The streets made me.
The island cleared my mind.
And the story?
The story was just beginning.

Poetic Cinema — Chapter 5: Rat Planet
Once you step back from the streets long enough…
you start seeing the bigger game.
Not just the corner.
Not just the neighborhood.
The whole planet.
For years I thought the war was local.
Washington Heights.
Bronx garages.
Harlem nights.
But the older I got…
the more I realized something.
The war was never just in the streets.
The streets were just the battlefield.
The real game was always bigger.
Governments.
Corporations.
Banks.
Pharmaceutical companies.
Media machines.
Systems moving money and influence like chess pieces.
And in that system…
there are always rats.
Not the animals.
The type that survive by feeding on chaos.
Some wear street clothes.
Some wear suits.
Some wear uniforms.
Some sit behind desks writing laws.
I started calling it Rat Planet.
A world where corruption becomes normal.
Where poison gets sold as medicine.
Where wars get sold as protection.
Where addiction becomes an industry.
Think about it.
The same system that floods neighborhoods with drugs…

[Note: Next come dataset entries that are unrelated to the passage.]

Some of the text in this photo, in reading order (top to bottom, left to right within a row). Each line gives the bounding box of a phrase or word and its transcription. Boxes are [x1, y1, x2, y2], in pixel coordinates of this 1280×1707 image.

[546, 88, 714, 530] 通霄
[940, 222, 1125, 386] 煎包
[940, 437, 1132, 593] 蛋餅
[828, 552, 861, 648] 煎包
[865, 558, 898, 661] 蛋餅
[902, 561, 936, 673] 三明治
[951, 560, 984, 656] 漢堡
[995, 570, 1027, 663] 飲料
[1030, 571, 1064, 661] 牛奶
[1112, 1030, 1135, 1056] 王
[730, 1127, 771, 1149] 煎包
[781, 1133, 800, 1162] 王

later builds billion-dollar rehab centers.
The same people who profit from sickness…
later sell the cure.
And the same politicians who promise safety…

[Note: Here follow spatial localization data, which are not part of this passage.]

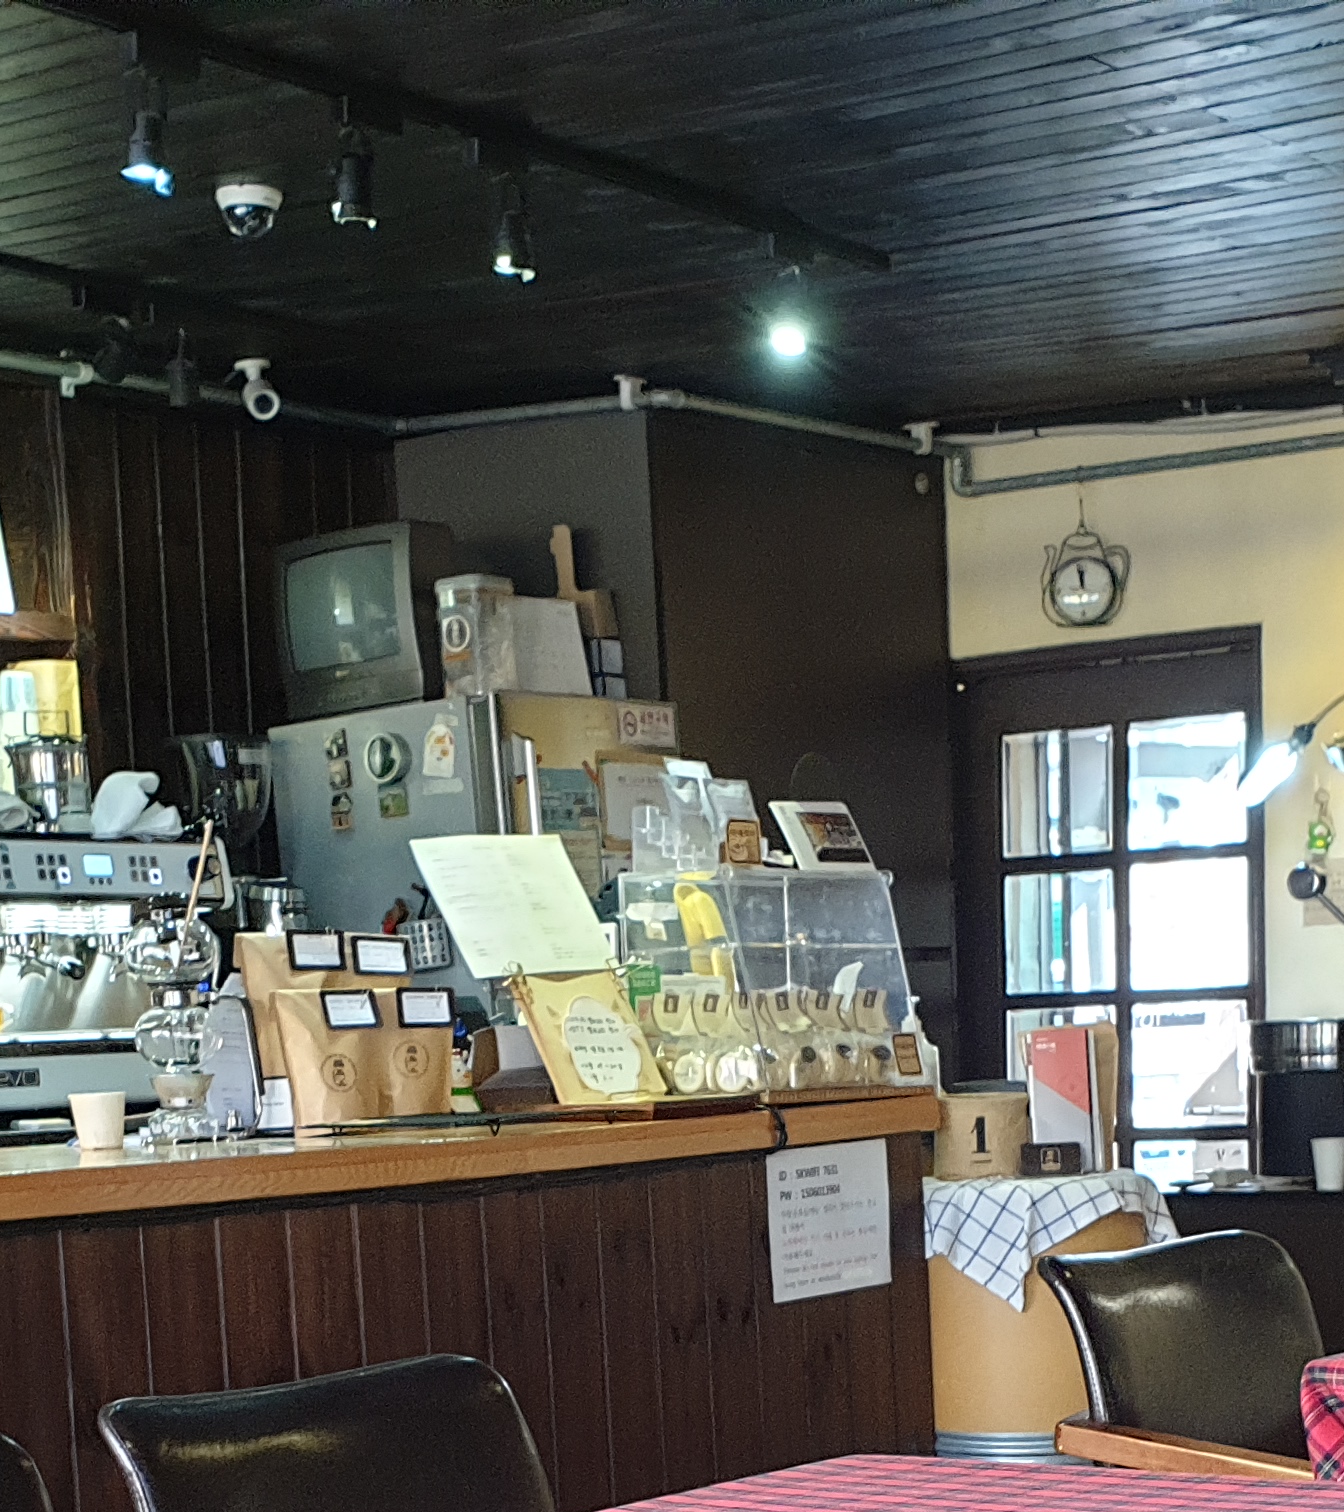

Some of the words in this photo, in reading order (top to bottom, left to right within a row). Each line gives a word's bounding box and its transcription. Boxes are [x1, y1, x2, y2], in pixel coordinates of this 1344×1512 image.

[970, 1115, 991, 1154] 1
[778, 1170, 787, 1181] ID
[779, 1191, 792, 1201] PW
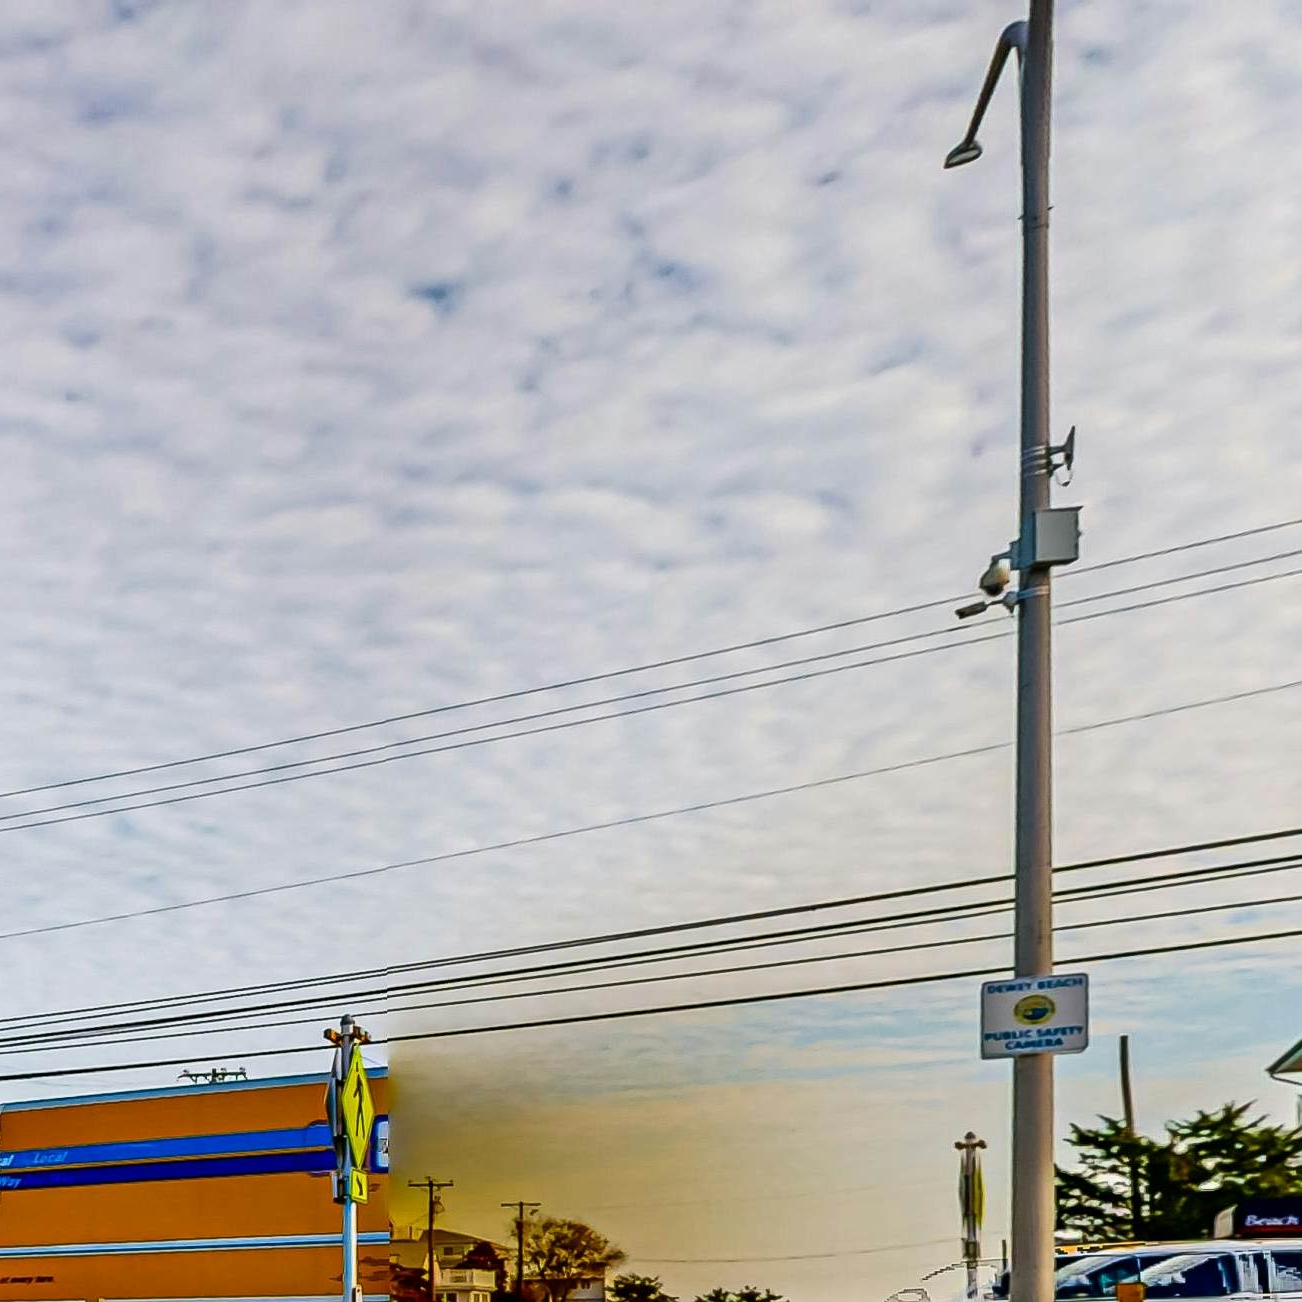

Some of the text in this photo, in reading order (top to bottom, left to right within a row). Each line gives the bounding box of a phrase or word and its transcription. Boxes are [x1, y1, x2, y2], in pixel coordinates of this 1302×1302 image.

[987, 978, 1083, 994] DEWEY BEACH
[984, 1025, 1083, 1041] PUBLIC SAFETY
[1005, 1038, 1063, 1050] CAMERA

often helped create the danger in the first place.
But here’s the strange part.
Rat Planet doesn’t only live in governments.
It lives in human nature too.
Greed.
Fear.
Power.
Those three forces have shaped history longer than any empire.
Yet something else exists too.
Something rats can’t control.
The human spirit.
The stubborn refusal to disappear.
The ability to learn.
To forgive.
To rebuild.
I saw it in the streets.
Single mothers holding families together.
Neighbors protecting each other.
Young kids choosing music instead of violence.
Old men telling stories so the next generation understands the past.
That’s the side of humanity Rat Planet never talks about.
Because hope is bad for business.
Awareness breaks control.
And truth disrupts systems.
The older I became…
the less I hated the world.
Hate keeps you trapped inside the game.
Understanding lets you step outside it.
The streets taught me survival.
Puerto Rico gave me silence.
Rat Planet gave me perspective.
Now I see things differently.
Life is not just a battlefield.
It’s also a classroom.
Every mistake is a lesson.
Every loss is a teacher.
Every survivor becomes a witness.
And that’s what I am now.
Not just the Black Knight of Washington Heights.
A witness to the systems.
A witness to the streets.
A witness to fifty years of human behavior.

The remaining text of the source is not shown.